━━━ Data for this exercise ━━━

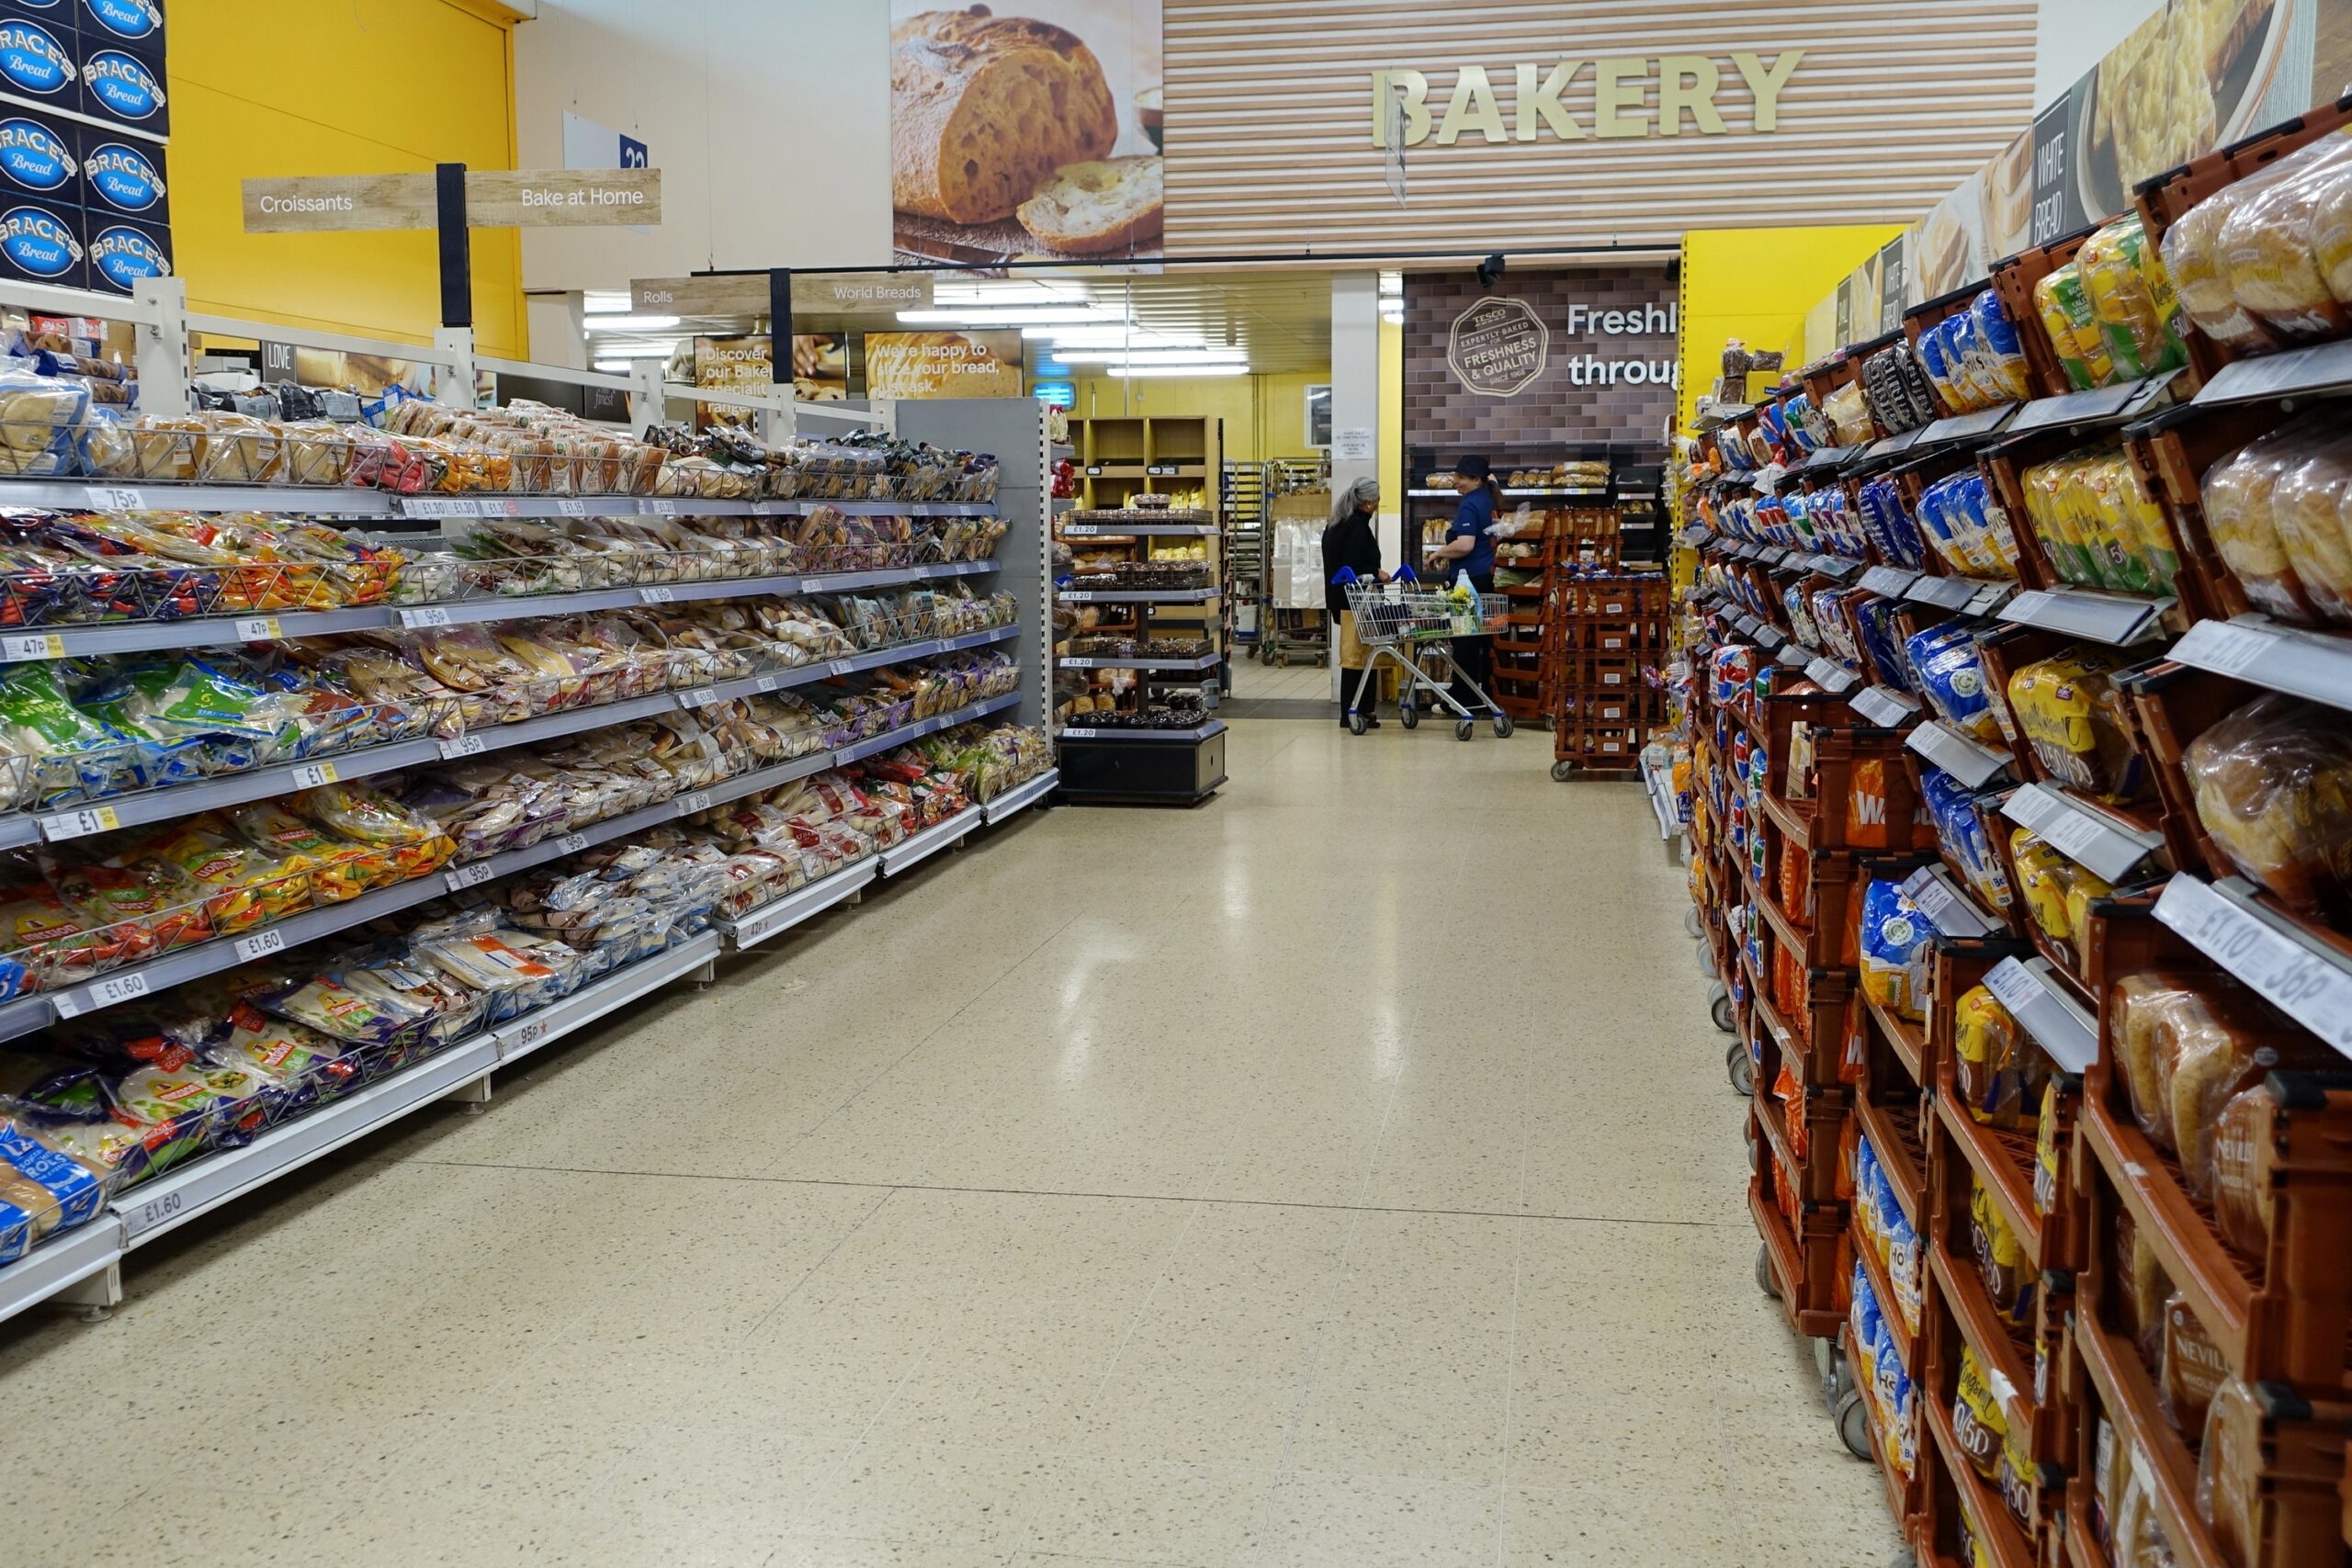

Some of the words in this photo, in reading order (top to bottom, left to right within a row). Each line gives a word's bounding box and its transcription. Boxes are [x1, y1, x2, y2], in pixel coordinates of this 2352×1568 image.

[101, 1, 140, 25] Bread
[0, 29, 77, 81] RACE'S
[9, 54, 51, 79] Bread
[82, 60, 166, 107] BRACE'S
[106, 83, 144, 106] Bread
[1372, 50, 1807, 148] BAKERY
[0, 128, 77, 177] RACE'S
[2037, 131, 2064, 190] WHITE
[11, 152, 52, 176] Bread
[85, 152, 166, 198] BRACE'S
[107, 175, 143, 197] Bread
[260, 195, 353, 213] Croissants
[522, 189, 563, 207] Bake
[568, 190, 585, 205] at
[591, 187, 643, 205] Home
[2034, 190, 2063, 245] BREAD
[18, 241, 59, 263] Bread
[89, 234, 172, 277] BRACE'S
[112, 258, 149, 277] Bread
[643, 290, 673, 304] Rolls
[834, 286, 873, 299] World
[876, 286, 921, 299] Breads
[1472, 309, 1507, 325] TESCO
[1567, 301, 1679, 334] Freshl
[1460, 331, 1499, 347] EXPERTLY
[1501, 321, 1529, 335] BAKED
[268, 344, 291, 370] LOVE
[706, 345, 768, 361] Discover
[876, 344, 918, 357] We're
[922, 344, 967, 361] happy
[970, 344, 987, 356] to
[1464, 337, 1536, 368] FRESHNESS
[706, 367, 731, 378] our
[734, 366, 774, 378] Baker
[952, 360, 1000, 375] bread,
[1471, 369, 1481, 379] &
[1483, 351, 1536, 376] QUALITY
[909, 379, 937, 392] ask.
[1489, 373, 1509, 385] SINCE
[106, 491, 137, 508] 75p
[423, 502, 446, 515] £1.30
[454, 502, 476, 514] £1.30
[425, 610, 445, 625] 95p
[252, 623, 267, 636] 47p
[25, 639, 45, 654] 47p
[459, 738, 481, 752] 95p
[308, 766, 324, 784] £1
[79, 811, 98, 832] £1
[566, 837, 583, 851] 95p
[469, 866, 489, 882] 95p
[249, 931, 279, 954] £1.60
[2198, 907, 2261, 959] £1.10
[105, 976, 143, 999] £1.60
[521, 1025, 538, 1044] 95p
[146, 1192, 181, 1223] £1.60

━━━

### Work instruction
Reproduce the listing verbatim, pictures excluded.

### Answer space
Some of the words in this photo, in reading order (top to bottom, left to right within a row). Each line gives a word's bounding box and its transcription. Boxes are [x1, y1, x2, y2], in pixel coordinates of this 2352×1568 image.

[101, 1, 140, 25] Bread
[0, 29, 77, 81] RACE'S
[9, 54, 51, 79] Bread
[82, 60, 166, 107] BRACE'S
[106, 83, 144, 106] Bread
[1372, 50, 1807, 148] BAKERY
[0, 128, 77, 177] RACE'S
[2037, 131, 2064, 190] WHITE
[11, 152, 52, 176] Bread
[85, 152, 166, 198] BRACE'S
[107, 175, 143, 197] Bread
[260, 195, 353, 213] Croissants
[522, 189, 563, 207] Bake
[568, 190, 585, 205] at
[591, 187, 643, 205] Home
[2034, 190, 2063, 245] BREAD
[18, 241, 59, 263] Bread
[89, 234, 172, 277] BRACE'S
[112, 258, 149, 277] Bread
[643, 290, 673, 304] Rolls
[834, 286, 873, 299] World
[876, 286, 921, 299] Breads
[1472, 309, 1507, 325] TESCO
[1567, 301, 1679, 334] Freshl
[1460, 331, 1499, 347] EXPERTLY
[1501, 321, 1529, 335] BAKED
[268, 344, 291, 370] LOVE
[706, 345, 768, 361] Discover
[876, 344, 918, 357] We're
[922, 344, 967, 361] happy
[970, 344, 987, 356] to
[1464, 337, 1536, 368] FRESHNESS
[706, 367, 731, 378] our
[734, 366, 774, 378] Baker
[952, 360, 1000, 375] bread,
[1471, 369, 1481, 379] &
[1483, 351, 1536, 376] QUALITY
[909, 379, 937, 392] ask.
[1489, 373, 1509, 385] SINCE
[106, 491, 137, 508] 75p
[423, 502, 446, 515] £1.30
[454, 502, 476, 514] £1.30
[425, 610, 445, 625] 95p
[252, 623, 267, 636] 47p
[25, 639, 45, 654] 47p
[459, 738, 481, 752] 95p
[308, 766, 324, 784] £1
[79, 811, 98, 832] £1
[566, 837, 583, 851] 95p
[469, 866, 489, 882] 95p
[249, 931, 279, 954] £1.60
[2198, 907, 2261, 959] £1.10
[105, 976, 143, 999] £1.60
[521, 1025, 538, 1044] 95p
[146, 1192, 181, 1223] £1.60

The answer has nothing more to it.